Do tej pory Niżny Tagił nigdy nie był szczęśliwym dla Polaków miejscem. Jedynym z biało-czerwonych, który stał tutaj na podium był Piotr Żyła. W weekend nie tylko ten stan rzeczy się nie zmienił, ale zrodziły się całkiem zasadne pytania, o przygotowanie naszych zawodników do sezonu.
Już Letnia Grand Prix mąciła nieco spokój naszych fanów, ale trudno przywiązywać wielką wagę do skoków na igielicie, które stanowią jedynie element przygotowań do głównego sezonu. Niestety, to co zobaczyliśmy w weekend w Niżym Tagile tylko podgrzewa atmosferę niepewności. Ale po kolei.
Piątkowe kwalifikacje dały powiew optymizmu jeśli chodzi o Kamila Stocha. Nasz arcymistrz wygrał tę serię i to w znakomitym stylu, przeskakując rywali o ładnych parę metrów. Jako że i w treningach Stoch wyglądał dobrze, zapowiadało się na udany weekend Kamila. Jak było? W sobotę nieźle. Stoch zajął 5. miejsce, choć po pierwszej nieudanej próbie był dopiero 20! W drugiej odpalił petardę i skoczył o 15 miejsc do góry. A zatem po raz kolejny pokazał, że drzemie w nim moc. Niestety, pozostali podopieczni Michala Doleżala zawiedli. Dawid Kubacki skończył na 13. miejscu, co można uznać za wynik poniżej oczekiwań. Nikt więcej z biało-czerwonych nie zapunktował. Żyła zajął 32. miejsce, Jakub Wolny 45., a Andrzej Stękała 48, wyprzedzając tylko Rumuna Andreia Feldoreana oraz zdyskwalifikowanego Rosjanina Dania Sadrejewa.
Mimo dość loteryjnych warunków najlepsi w sobotę byli faworyci sezonu. Wygrał Karl Geiger, wyprzedzając Ryoyou Kobayashiego i Halvora Egnera Graneruda. Sensacyjnie 4. miejsce zajął Naoki Nakamura. Japończycy błysnęli formą zresztą także w szerszym spektrum – 10. był Yukiya Sato, 11. Junshiro Kobayashi, a 15. Daiki Ito. Punktował jeszcze Keiichi Sato. Forma niczym Polaków na Turnieju Czterech Skoczni.
Dyspozycja Stocha dawała nadzieję na udany konkurs w niedzielę, ale drugi konkurs indywidualny to istna katastrofa. Stoch i Kubacki w ogóle nie weszli do drugiej serii. Można zganiać winę na loteryjne warunki, ale jednak czołówka z soboty poradziła sobie z nimi. Wyjątkiem był Ryoyu Kobayashi, ale on odpadł już w kwalifikacjach, bowiem został zdyskwalifikowany. Wróćmy do Polaków. Dwóm udało się zapunktować, ale 16. miejsce Żyły i 30. Stękały to na pewno nie są wyniki, po których ktokolwiek się ucieszył. To nawet nie jest minimum przyzwoitości.

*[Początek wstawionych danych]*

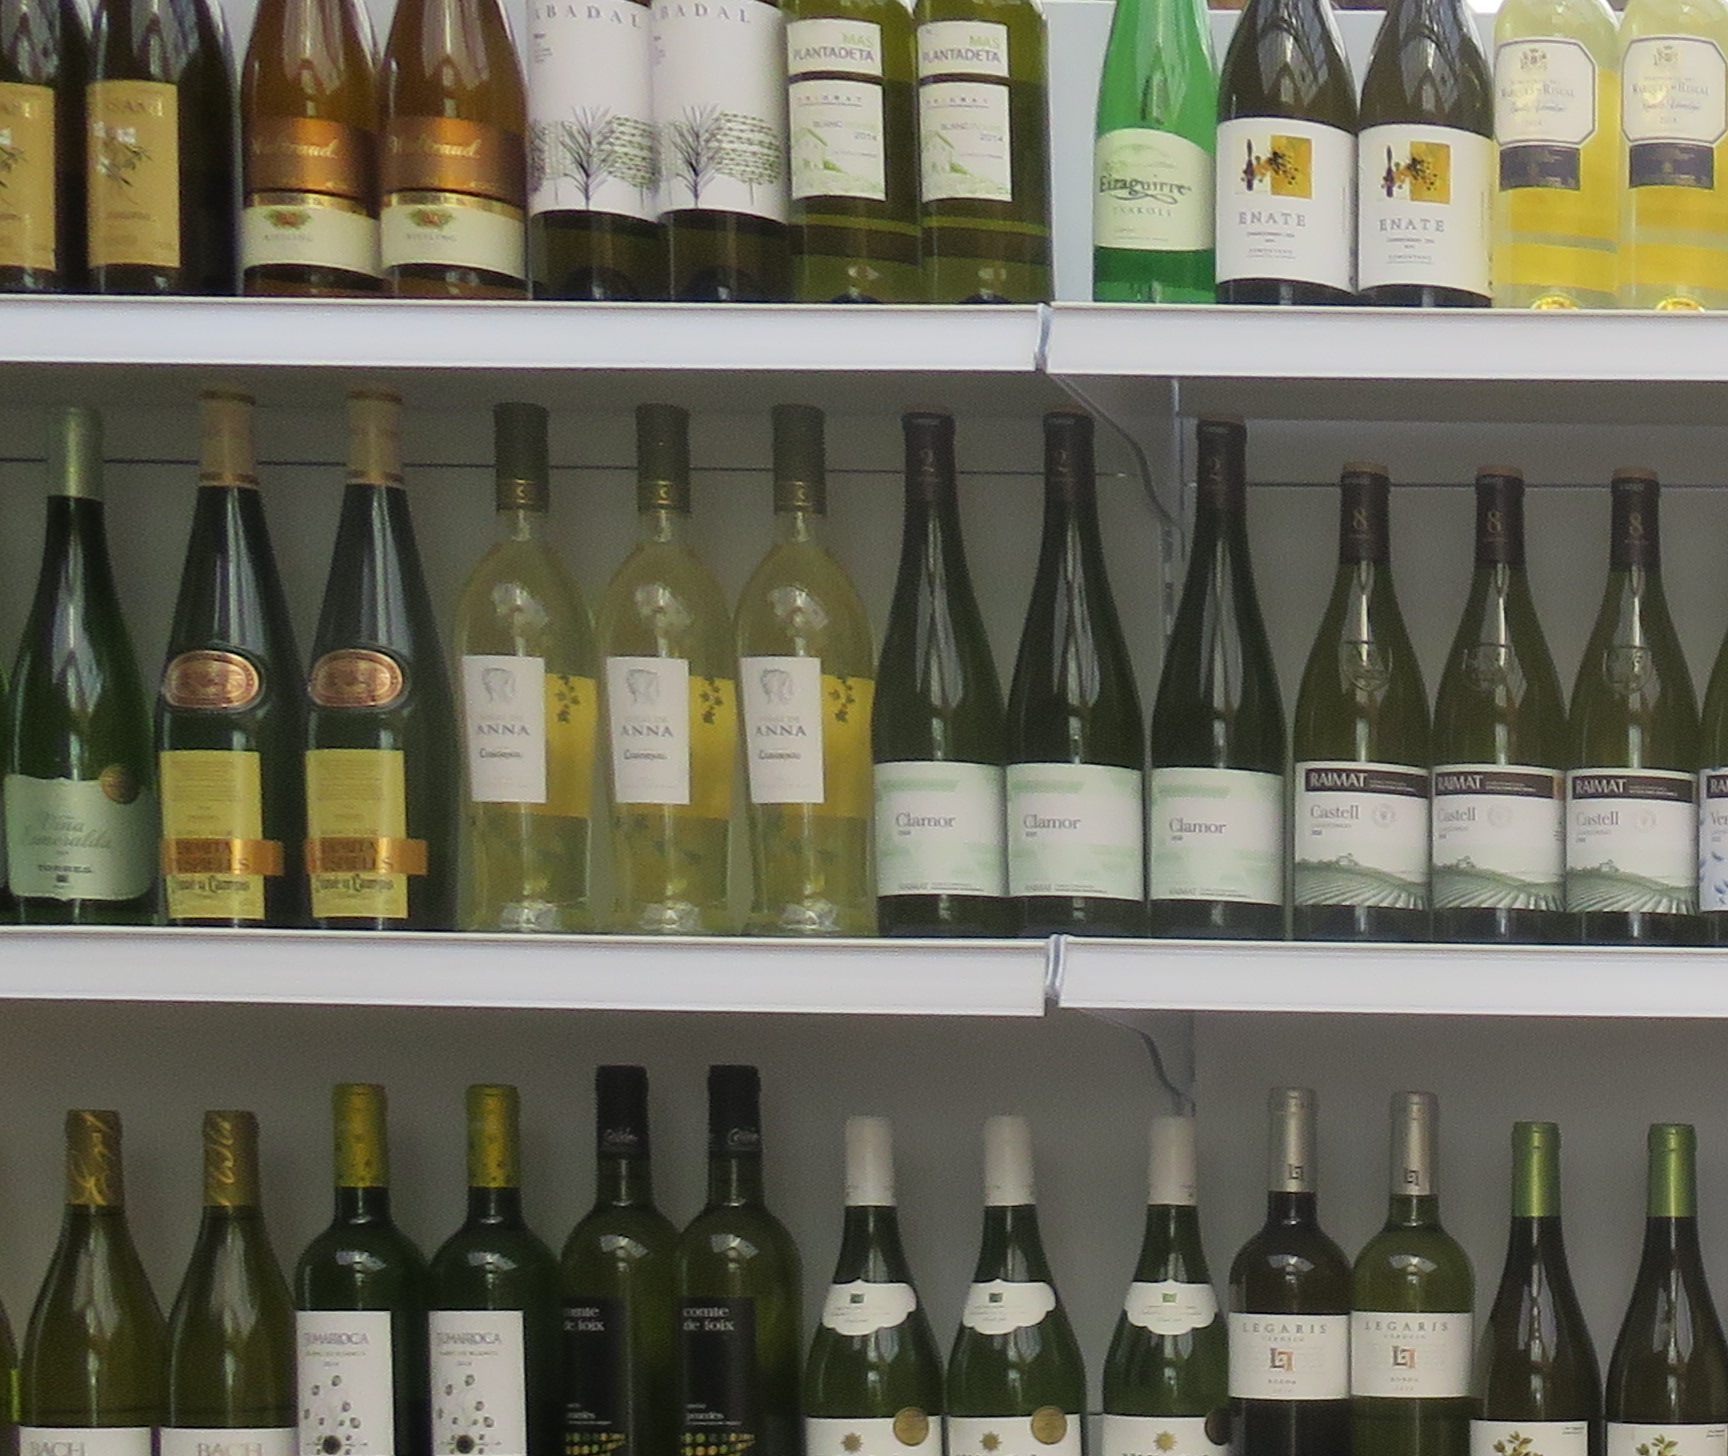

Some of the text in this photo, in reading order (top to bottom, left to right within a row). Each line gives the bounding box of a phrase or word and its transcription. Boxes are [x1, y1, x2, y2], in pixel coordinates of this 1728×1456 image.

Wygrał ze sporą przewagą Granerud, wyprzedzając Geigera i Stefana Krafta, który w sobotę nie skakał, bo przepadł w piątkowych kwalifikacjach! Na dalszych miejscach dwóch Słoweńców – Timi Zajc i Cene Prevc. Tym razem dużo gorzej spisali się Japończycy. Najwyżej notowany był Yuikya Sato – 14. Liderem klasyfikacji generalnej jest Geiger i to on w Ruce rozpocznie rywalizacji w żółtej koszulce.

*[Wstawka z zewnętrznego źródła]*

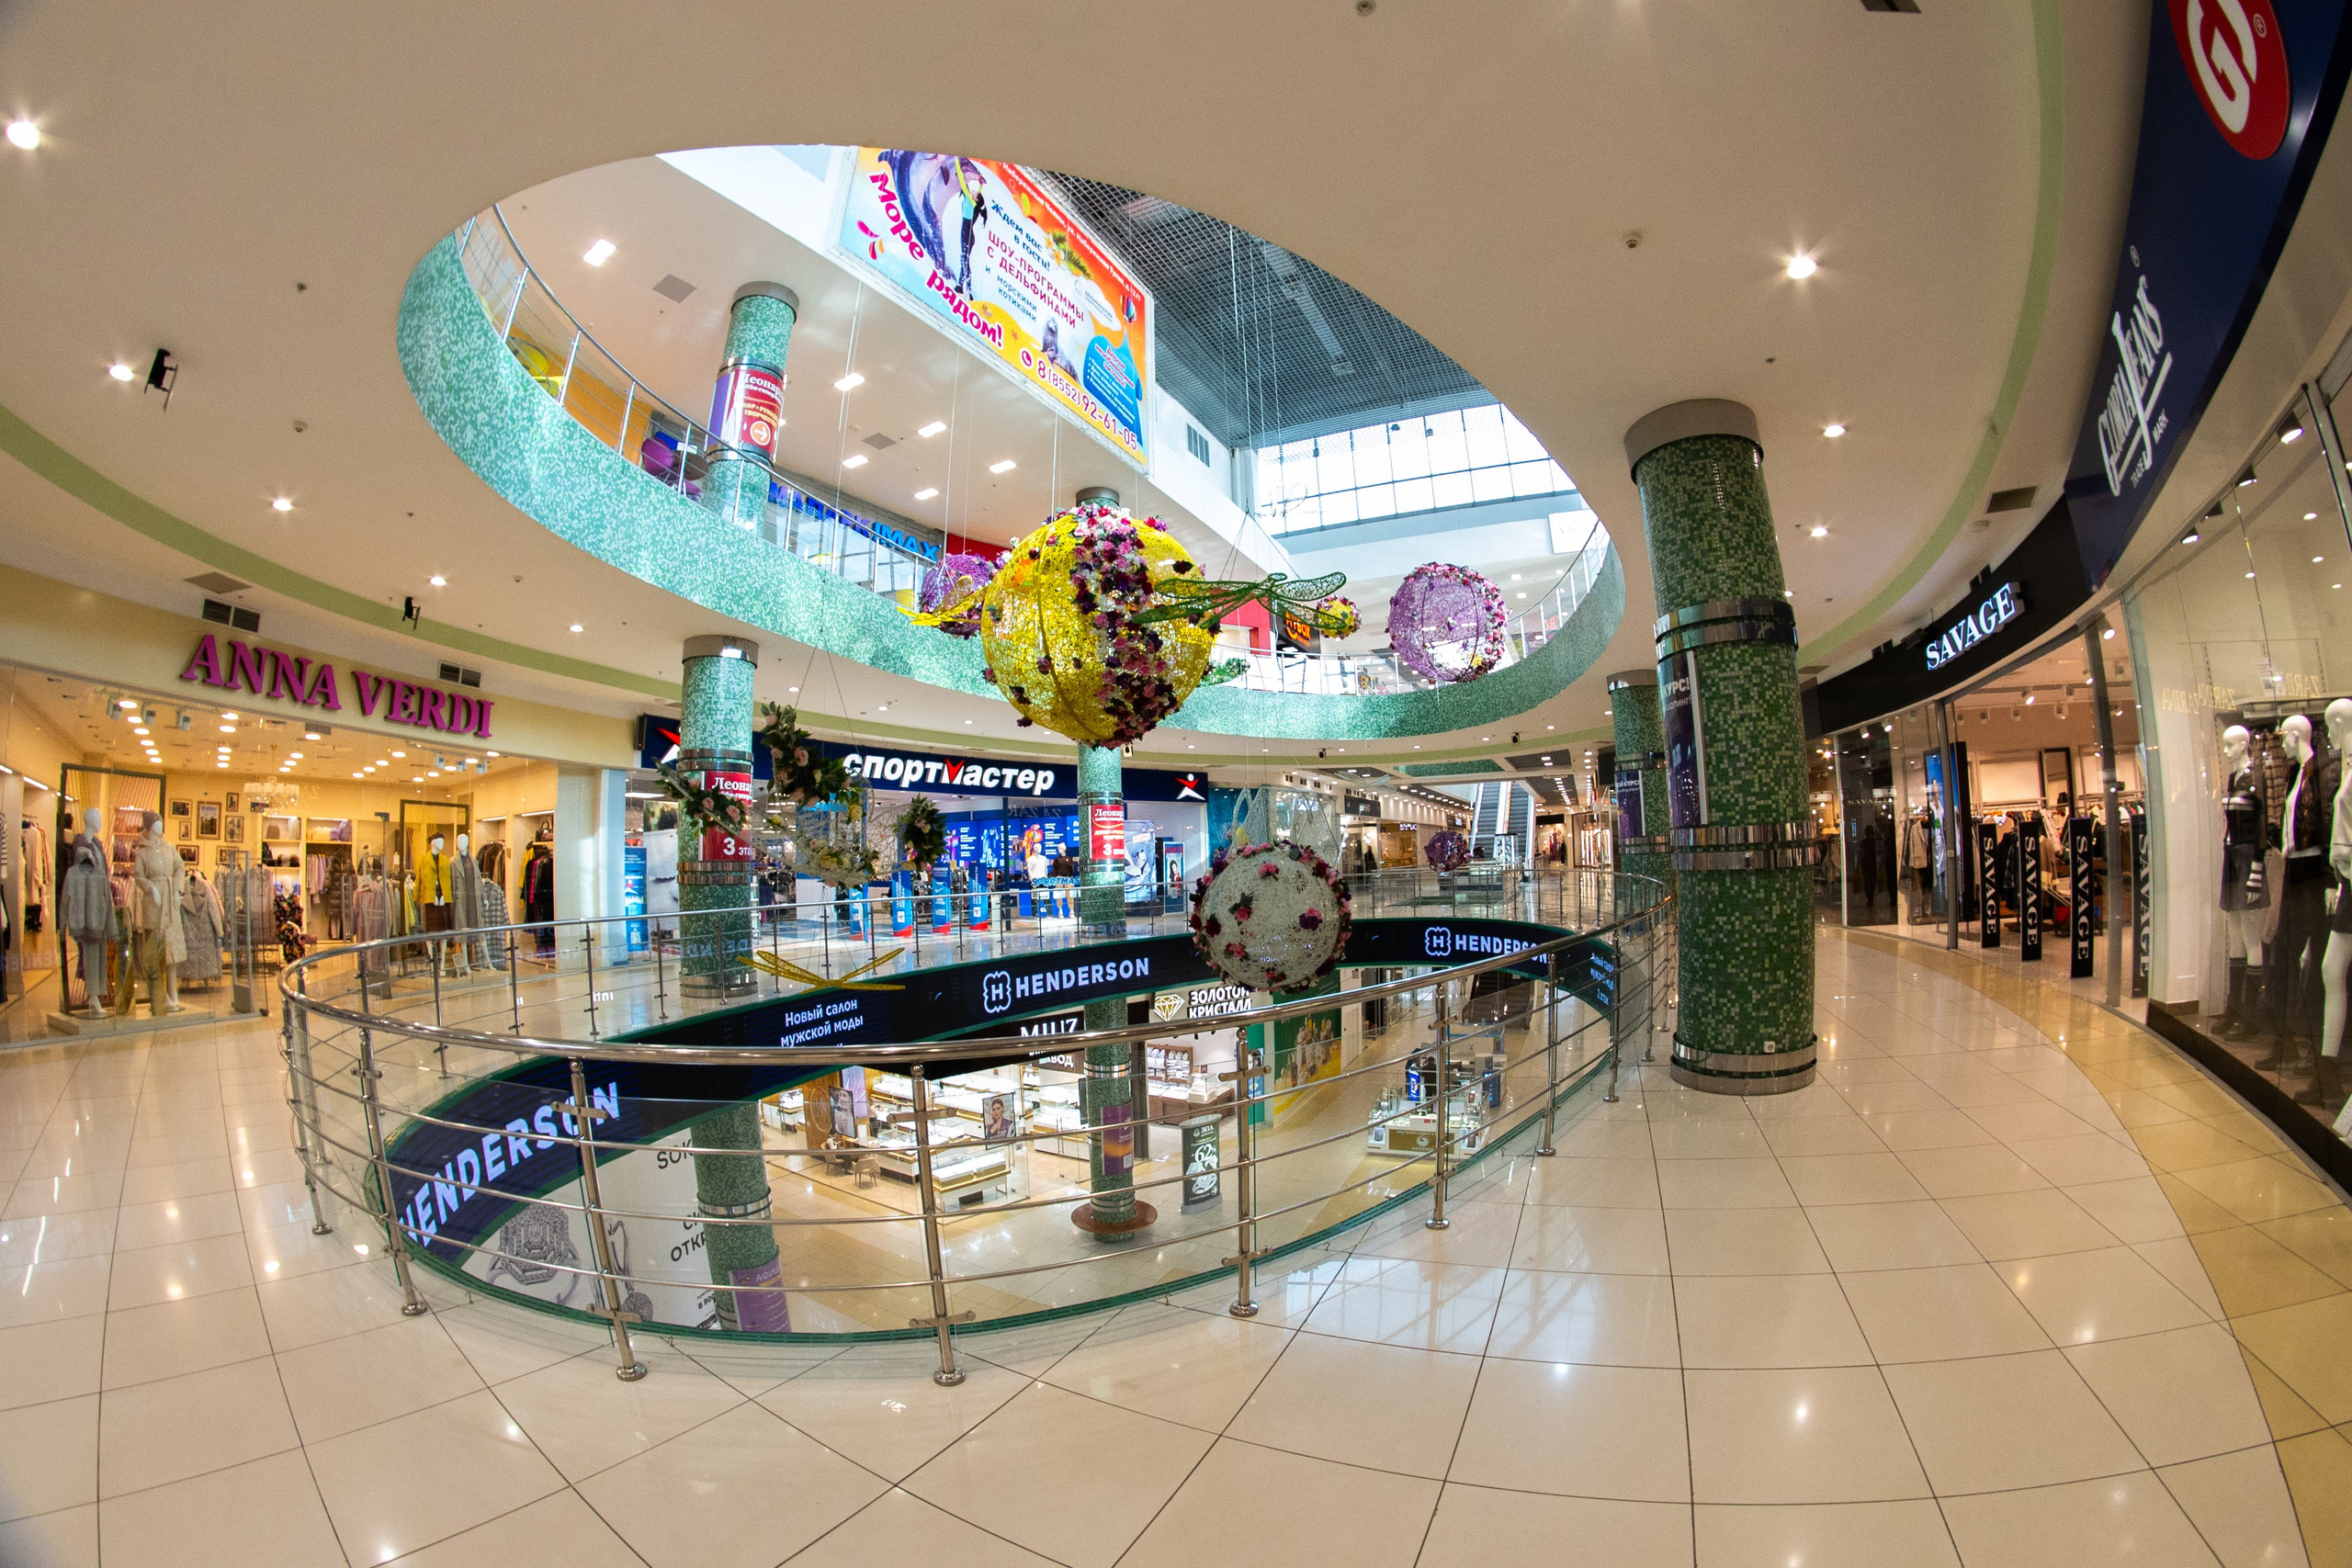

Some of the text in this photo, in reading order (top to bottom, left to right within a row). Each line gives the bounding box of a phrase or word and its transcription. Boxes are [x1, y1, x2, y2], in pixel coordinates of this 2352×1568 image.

Czy po Niżnym Tagile trzeba bić na alarm? Początki bywają trudne, a ta skocznia nie leży naszym zawodnikom. Być może szczyt formy przyjdzie jak ostatnio co roku – na przełom grudnia i stycznia. A może Doleżal przygotował zawodników tak, by najlepsi byli w lutym na Igrzyskach Olimpijskich? Jest niestety i taki scenariusz, w którym czeka nas sezon pełen rozczarowań. Tego nie wiemy. Kolejne konkursy będą odsłaniały prawdę.
Zresztą, złośliwi i tak powiedzą, że to wszystko przez przenosiny skoków do TVN…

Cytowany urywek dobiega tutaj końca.